Huge structural fund investment has been made in a number of key strategic sectors in the Scottish economy, such as the life sciences sector. However, key economic sectors such as the construction industry are not necessarily target sectors for growing small to medium enterprises, although they are fundamental to growing the economy, jobs growth and supporting major infrastructure. Many of the activities to do with the key infrastructure for research and development and innovation that we have supported and are looking to support—such support is all about the Lisbon goals—depend on a dynamic and vibrant construction sector, but that sector is currently in serious straits. It is important to consider how we respond to that and bring forward key developments that will keep that sector going. The response will clearly impact on skills in the construction sector, for example. It is important that we do not consider a short-term response; rather, we must look ahead to position the economy. People must have the key skills to take us out of the current situation. The Scottish Government has made a number of key strategic responses to skills needs, which will come forward at a special monitoring committee meeting on the fast-track procedure in May.
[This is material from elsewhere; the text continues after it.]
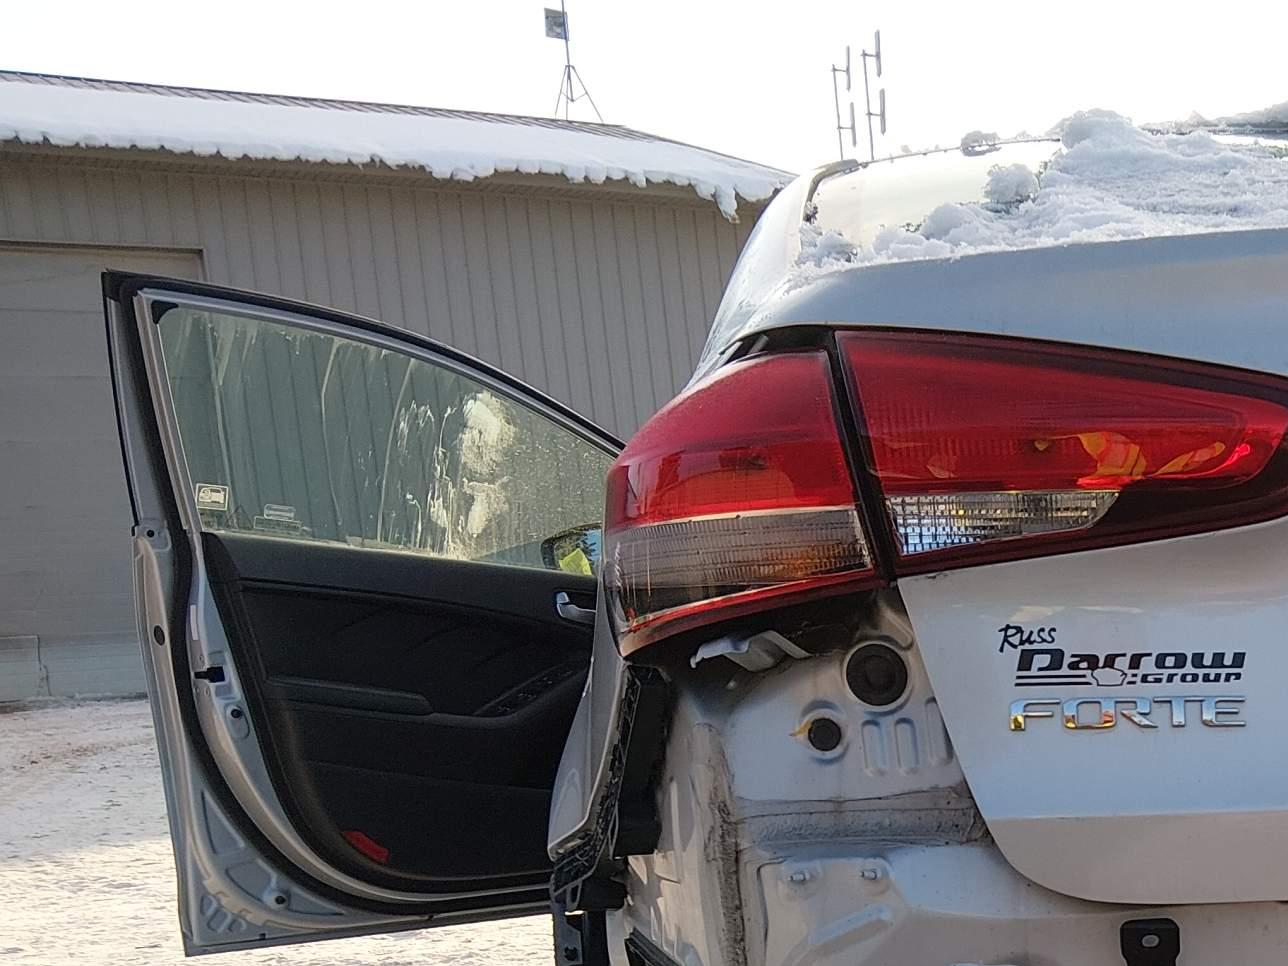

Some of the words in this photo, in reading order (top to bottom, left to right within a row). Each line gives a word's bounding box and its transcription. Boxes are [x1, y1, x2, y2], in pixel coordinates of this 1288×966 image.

[998, 624, 1057, 653] Russ
[1016, 648, 1247, 672] Darrow
[1008, 695, 1247, 732] FORTE
Partnership working has been and continues to be one of the fundamental principles in structural funds work. It is essential that collaboration continues. That approach has always been promoted in structural funds work, and it will continue to be important in the programmes. For example, with respect to ERDF priority 3, on urban regeneration, there has been significant investment in community planning partnerships to deal with urban regeneration issues, particularly employability issues and supporting complementary infrastructure developments such as incubator space and job brokerage schemes. Some £54 million has already been invested in the 13 CPP areas, to which we look to deliver.
There are also significant collaborations in life sciences work, which is key. There are key life sciences centres in Glasgow, Dundee and Edinburgh, but we have a Scottish life sciences centre, as opposed to a Dundee, Edinburgh or Glasgow centre. That centre must function as a Scottish centre to be an international centre of excellence. Encouraging developments are taking place involving collaboration between the medical schools and research institutes.
As I have said, the programmes were designed to be fairly restrictive for good reasons. However, it is important to say that we are seeking to make several changes to at least two of the ERDF programme priorities—those on urban regeneration and rural development, which are particularly restrictive. The level of interest in and activity on those priorities has been less than we anticipated, and there is now an opportunity, if not a need, to increase flexibility and relax some of the tight constrictions that have applied. The Commission has been helpful and accommodating in making progress on that. Proposals have gone before the monitoring committee and I believe that significant developments will take place.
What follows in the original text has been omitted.